Imbalanced data (Credit Card Fraud – 0.2% positives):

– PKBoost: 87.8% PR-AUC

– LightGBM: 79.3% PR-AUC

– XGBoost: 74.5% PR-AUC

Under realistic drift (gradual covariate shift):

– PKBoost: 86.2% PR-AUC (−2.0% degradation)

– XGBoost: 50.8% PR-AUC (−31.8% degradation)

– LightGBM: 45.6% PR-AUC (−42.5% degradation)

What's ifferent

The main innovation is using Shannon entropy in the split criterion alongside gradients. Each split maximizes:

Gain = GradientGain + λ·InformationGain

where λ adapts based on class imbalance. This explicitly optimizes for information gain on the minority class instead of just minimizing loss.

Combined with:

– Quantile-based binning (robust to scale shifts)

– Conservative regularization (prevents overfitting to majority)
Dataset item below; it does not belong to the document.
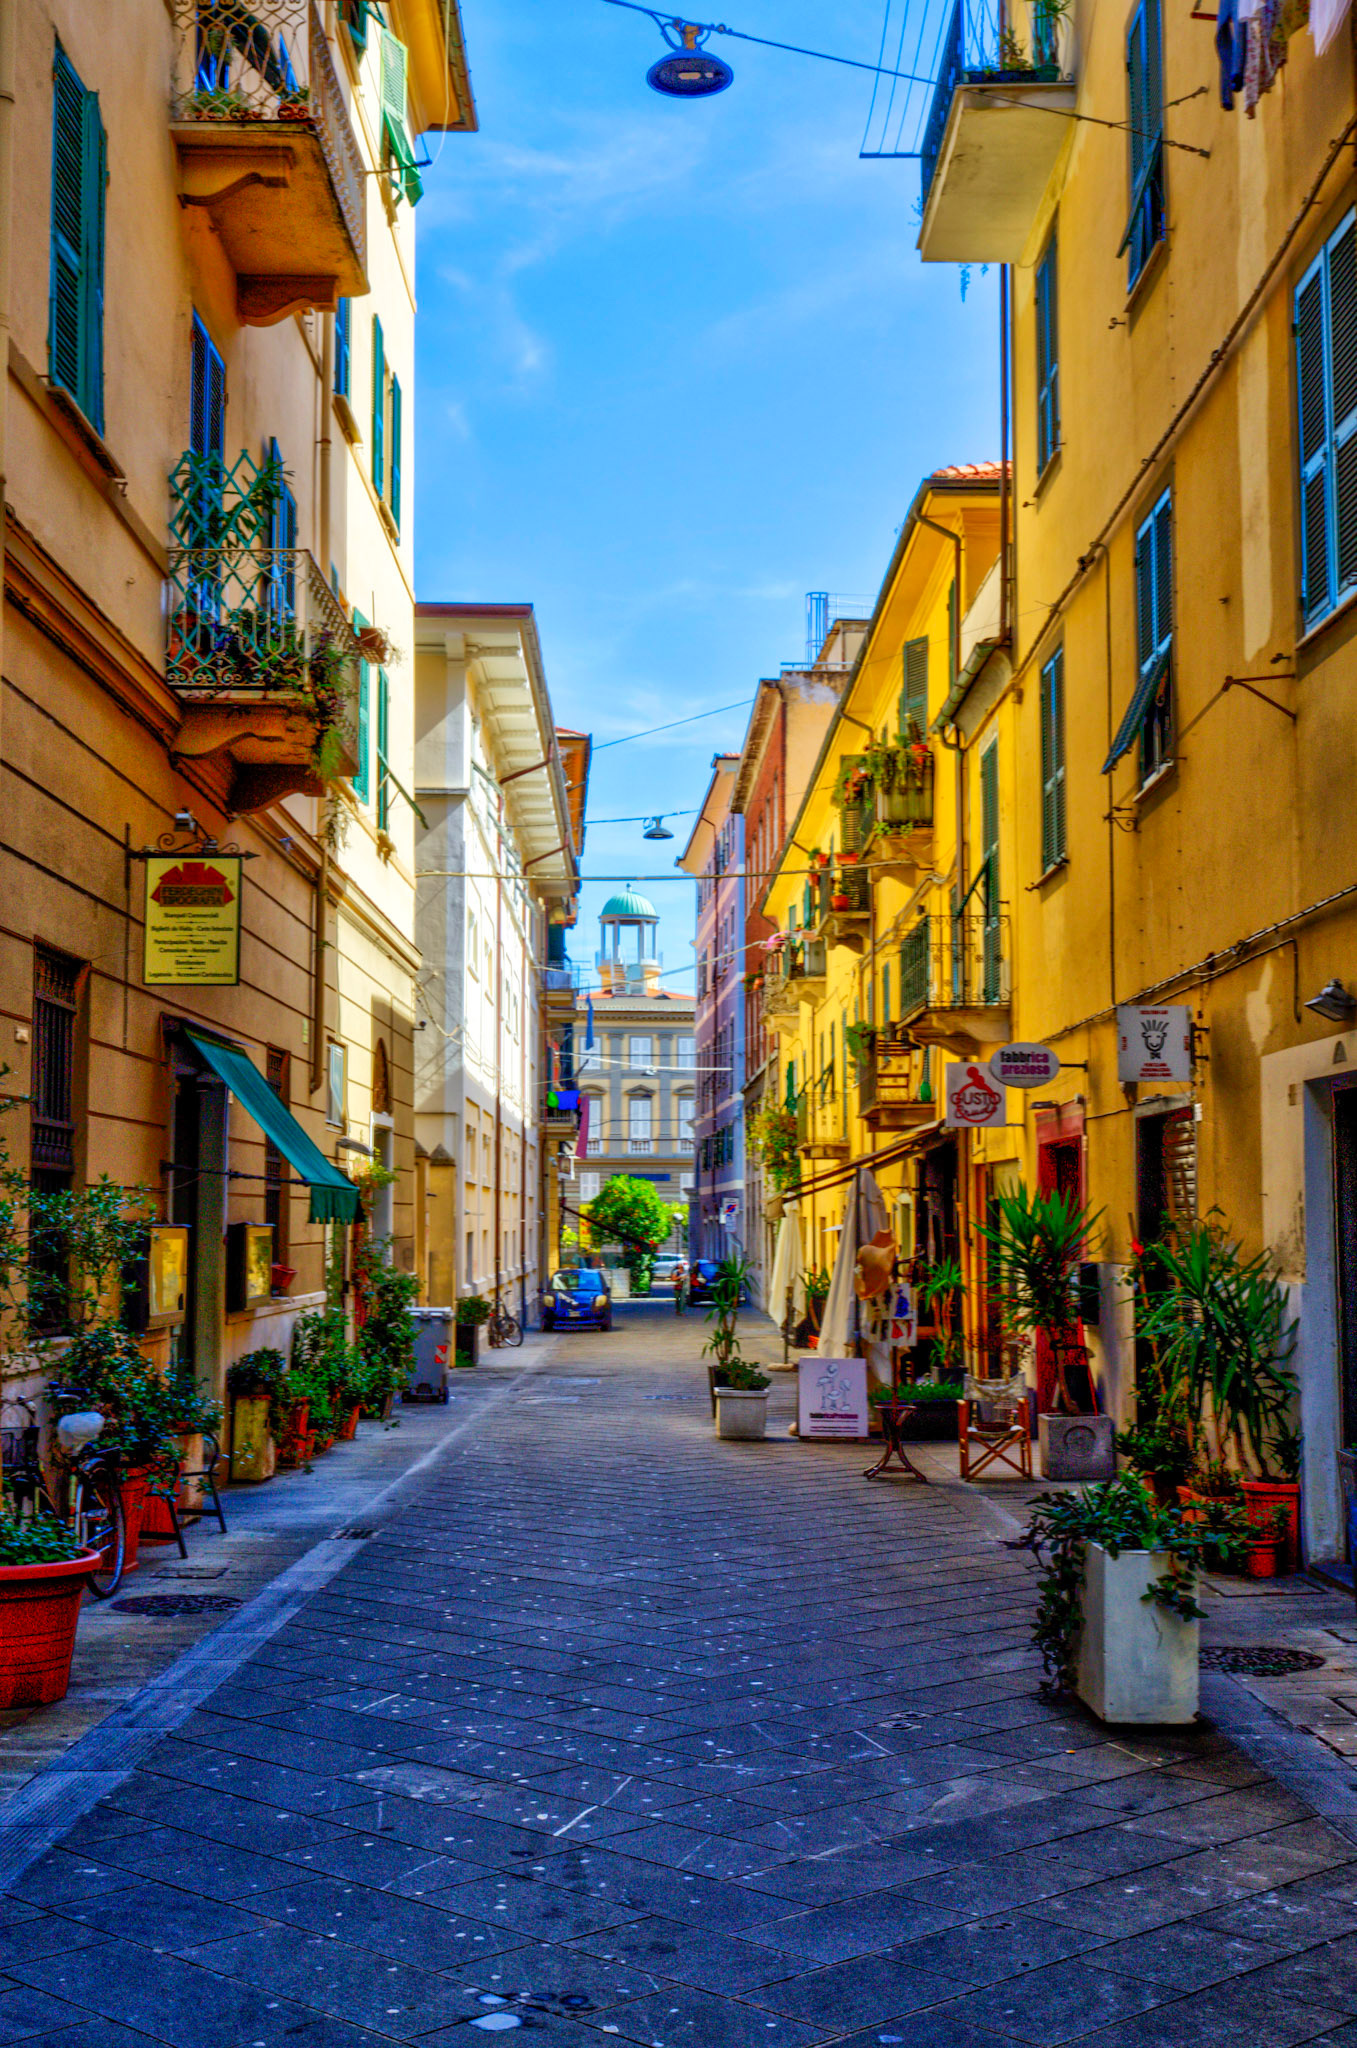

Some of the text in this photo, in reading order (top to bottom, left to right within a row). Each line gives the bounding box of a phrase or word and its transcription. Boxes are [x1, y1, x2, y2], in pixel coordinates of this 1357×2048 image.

[162, 896, 222, 905] TIPOGRAFIA
[1000, 1051, 1049, 1063] fabbrica
[950, 1092, 1002, 1105] GUSTO
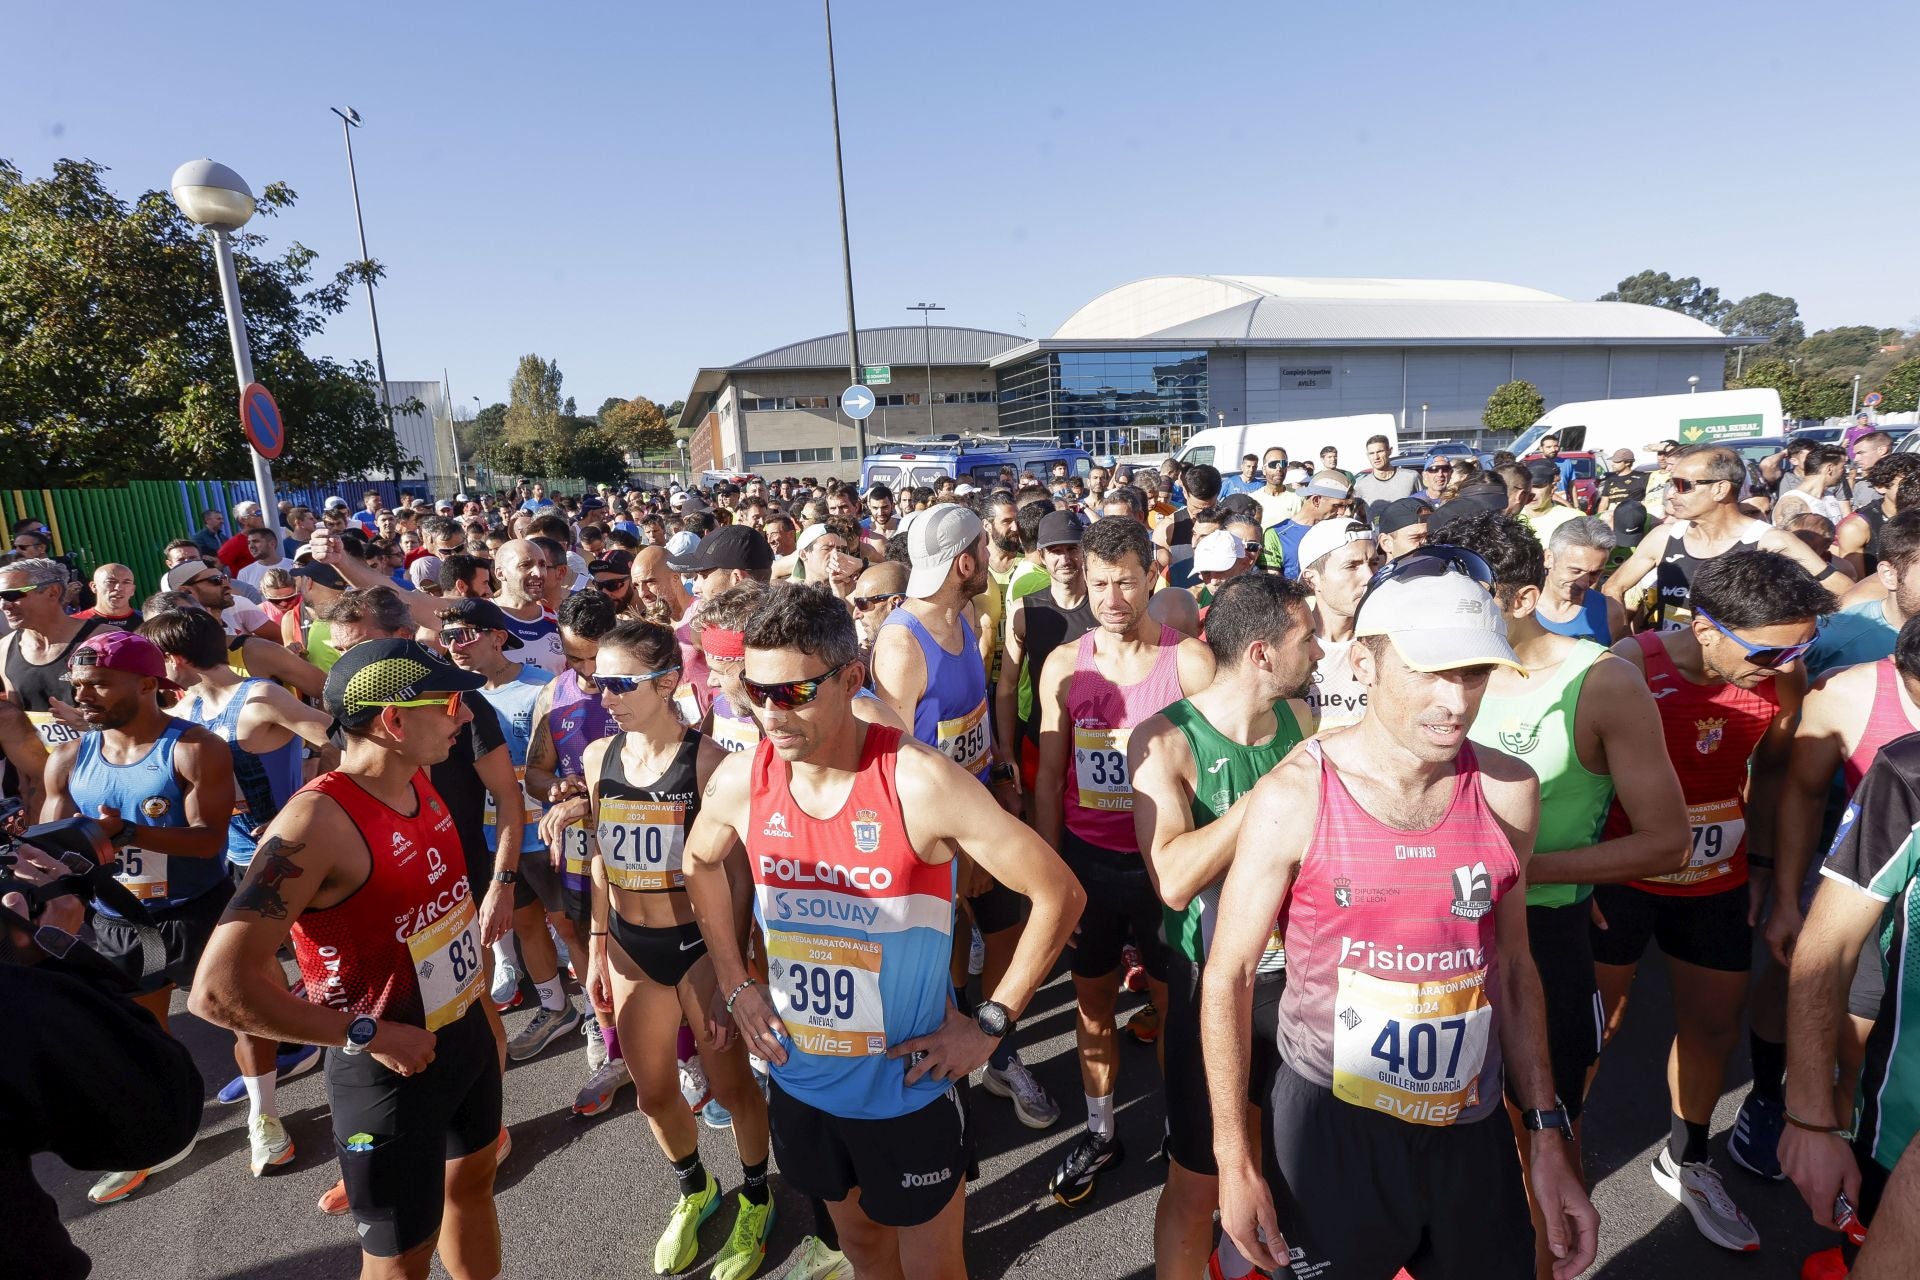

– PR-AUC early stopping (focuses on minority performance)

The architecture is inherently more robust to drift without needing online adaptation.

Trade-offs

The good:

– Auto-tunes for your data (no hyperparameter search needed)

– Works out-of-the-box on extreme imbalance

– Comparable inference speed to XGBoost

The honest:

– ~2-4x slower training (45s vs 12s on 170K samples)

– Slightly behind on balanced data (use XGBoost there)

– Built in Rust, so less Python ecosystem integration

Why I'm Sharing

This started as a learning project (built from scratch in Rust), but the drift resilience results surprised me. I haven't seen many papers addressing this – most focus on online learning or explicit drift detection.

Looking for feedback on:

– Have others seen similar robustness from conservative regularization?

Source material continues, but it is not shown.